Task to complete
The entries below must be retyped exactly. Pictures are to be omitted.

Provided data
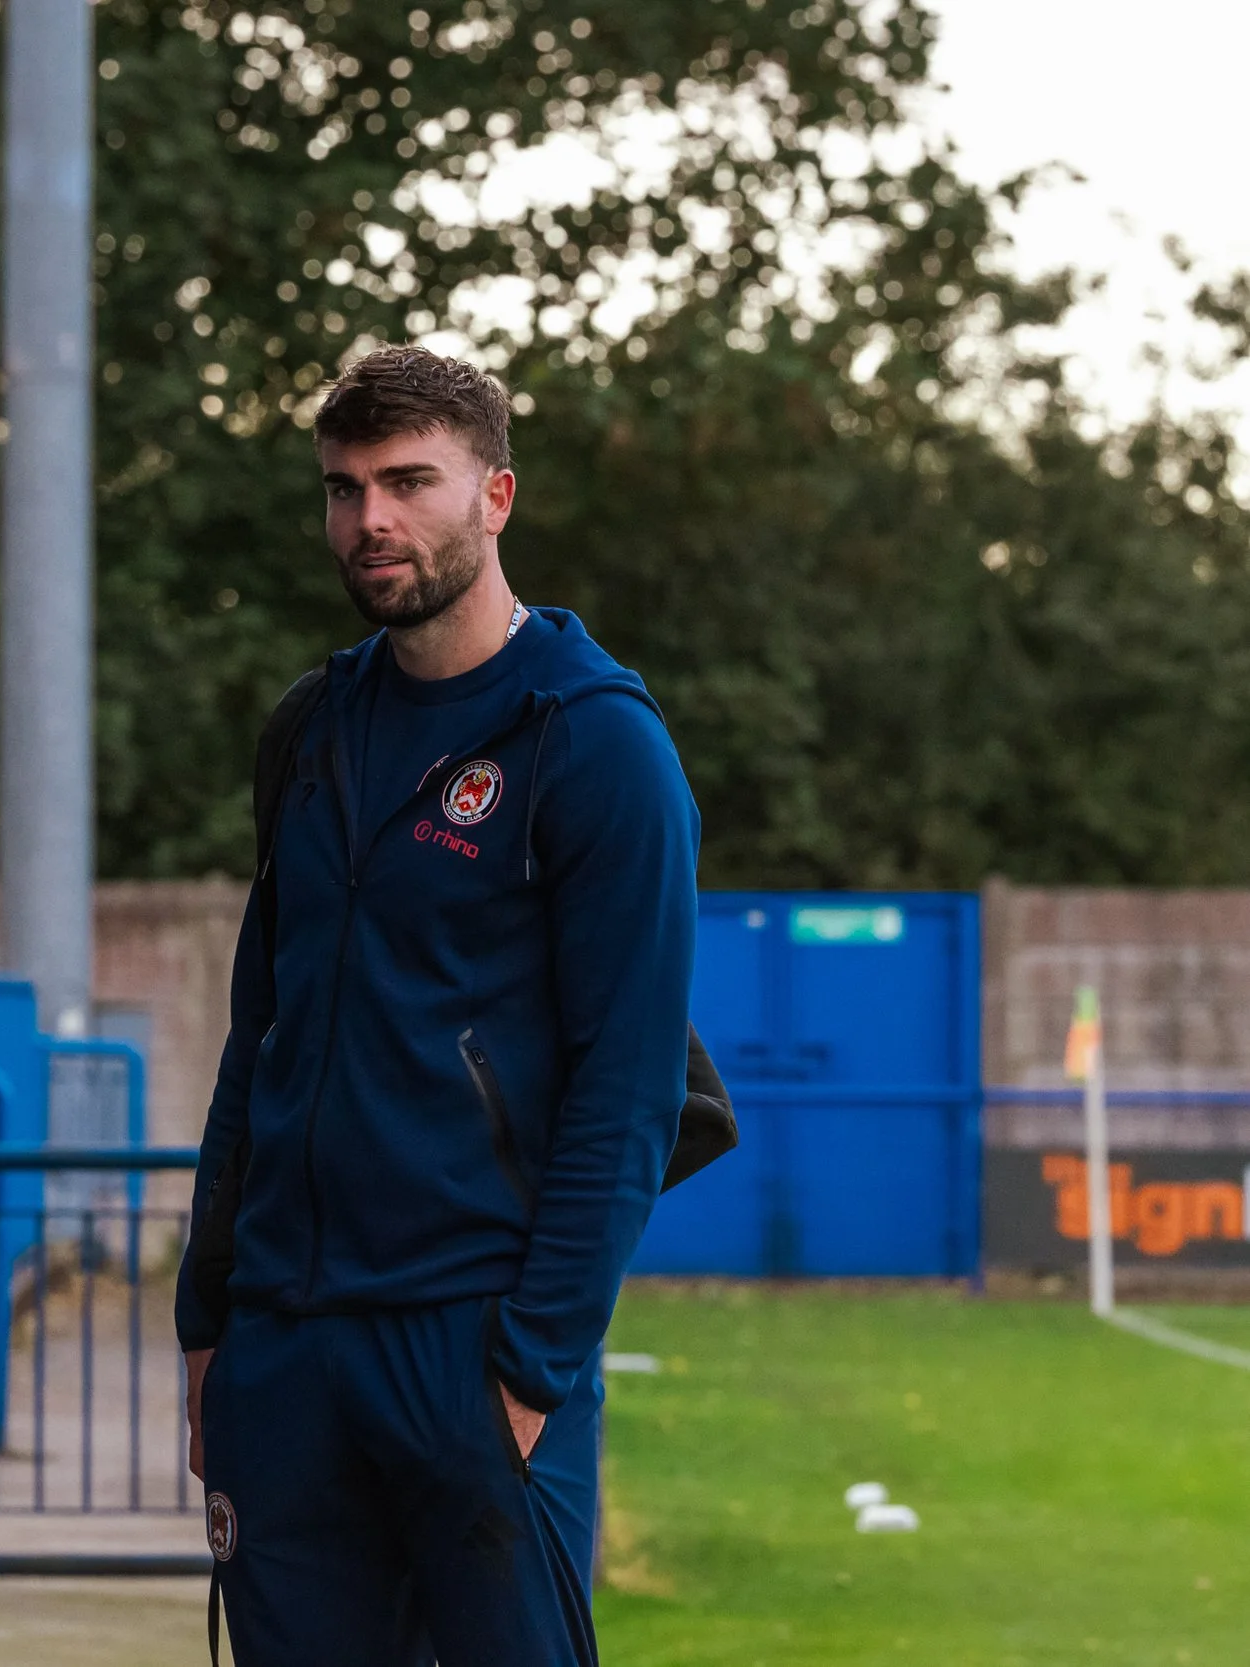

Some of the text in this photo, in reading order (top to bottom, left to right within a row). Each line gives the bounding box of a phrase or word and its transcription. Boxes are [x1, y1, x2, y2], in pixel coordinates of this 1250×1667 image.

[483, 763, 499, 781] UNITED
[445, 802, 482, 822] FOOTBALL CLUB
[433, 829, 480, 859] rhino
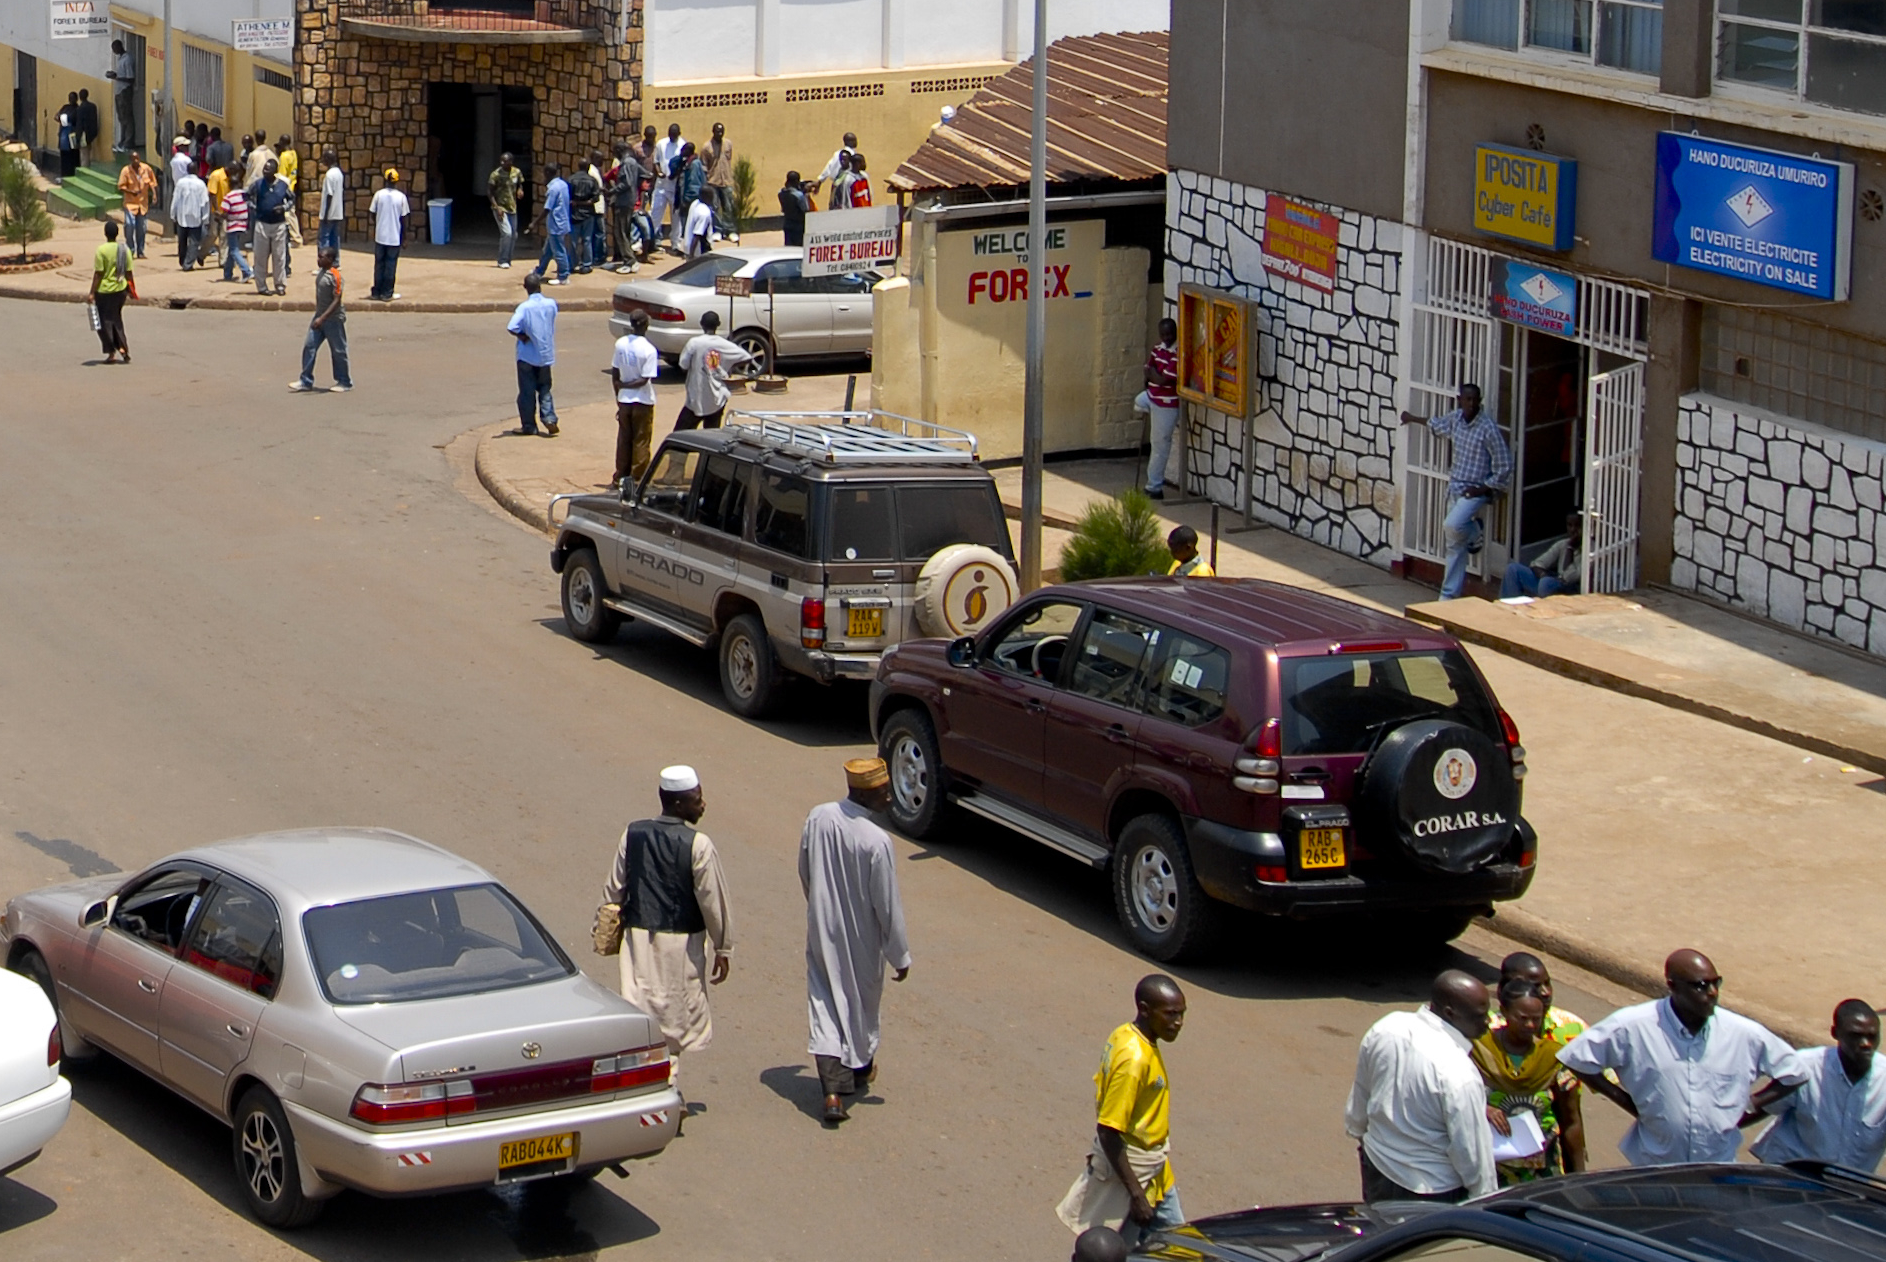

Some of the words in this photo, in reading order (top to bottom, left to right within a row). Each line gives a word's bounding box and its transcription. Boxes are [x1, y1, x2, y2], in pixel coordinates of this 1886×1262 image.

[65, 1, 95, 13] INEZA
[79, 16, 108, 25] BUREAU
[237, 21, 281, 31] ATHENEE
[1485, 153, 1548, 194] IPOSITA
[1689, 148, 1719, 166] HANO
[1720, 154, 1776, 177] DUCURUZA
[1778, 165, 1828, 188] UMURIRO
[1478, 190, 1516, 222] Cyber
[808, 239, 894, 264] FOREX-BUREAU
[1690, 226, 1705, 241] ICI
[1706, 229, 1742, 251] VENTE
[1744, 236, 1818, 267] ELECTRICITE
[1016, 254, 1029, 264] TO
[1690, 247, 1763, 276] ELECTRICITY
[1765, 264, 1783, 282] ON
[1785, 268, 1818, 289] SALE
[1519, 300, 1572, 322] DUCURUZA
[1526, 312, 1564, 332] POWER
[626, 547, 705, 585] PRADO
[854, 609, 873, 621] RAA
[1414, 811, 1480, 837] CORAR
[1307, 831, 1332, 847] RAB

Result of this task
Some of the text in this photo, in reading order (top to bottom, left to right within a row). Each line gives the bounding box of a phrase or word and its transcription. Boxes are [x1, y1, x2, y2], in pixel coordinates of this 1250×1667 image.

[483, 763, 499, 781] UNITED
[445, 802, 482, 822] FOOTBALL CLUB
[433, 829, 480, 859] rhino

Some of the words in this photo, in reading order (top to bottom, left to right within a row). Each line gives a word's bounding box and its transcription. Boxes are [x1, y1, x2, y2], in pixel coordinates of this 1886×1262 image.

[65, 1, 95, 13] INEZA
[79, 16, 108, 25] BUREAU
[237, 21, 281, 31] ATHENEE
[1485, 153, 1548, 194] IPOSITA
[1689, 148, 1719, 166] HANO
[1720, 154, 1776, 177] DUCURUZA
[1778, 165, 1828, 188] UMURIRO
[1478, 190, 1516, 222] Cyber
[808, 239, 894, 264] FOREX-BUREAU
[1690, 226, 1705, 241] ICI
[1706, 229, 1742, 251] VENTE
[1744, 236, 1818, 267] ELECTRICITE
[1016, 254, 1029, 264] TO
[1690, 247, 1763, 276] ELECTRICITY
[1765, 264, 1783, 282] ON
[1785, 268, 1818, 289] SALE
[1519, 300, 1572, 322] DUCURUZA
[1526, 312, 1564, 332] POWER
[626, 547, 705, 585] PRADO
[854, 609, 873, 621] RAA
[1414, 811, 1480, 837] CORAR
[1307, 831, 1332, 847] RAB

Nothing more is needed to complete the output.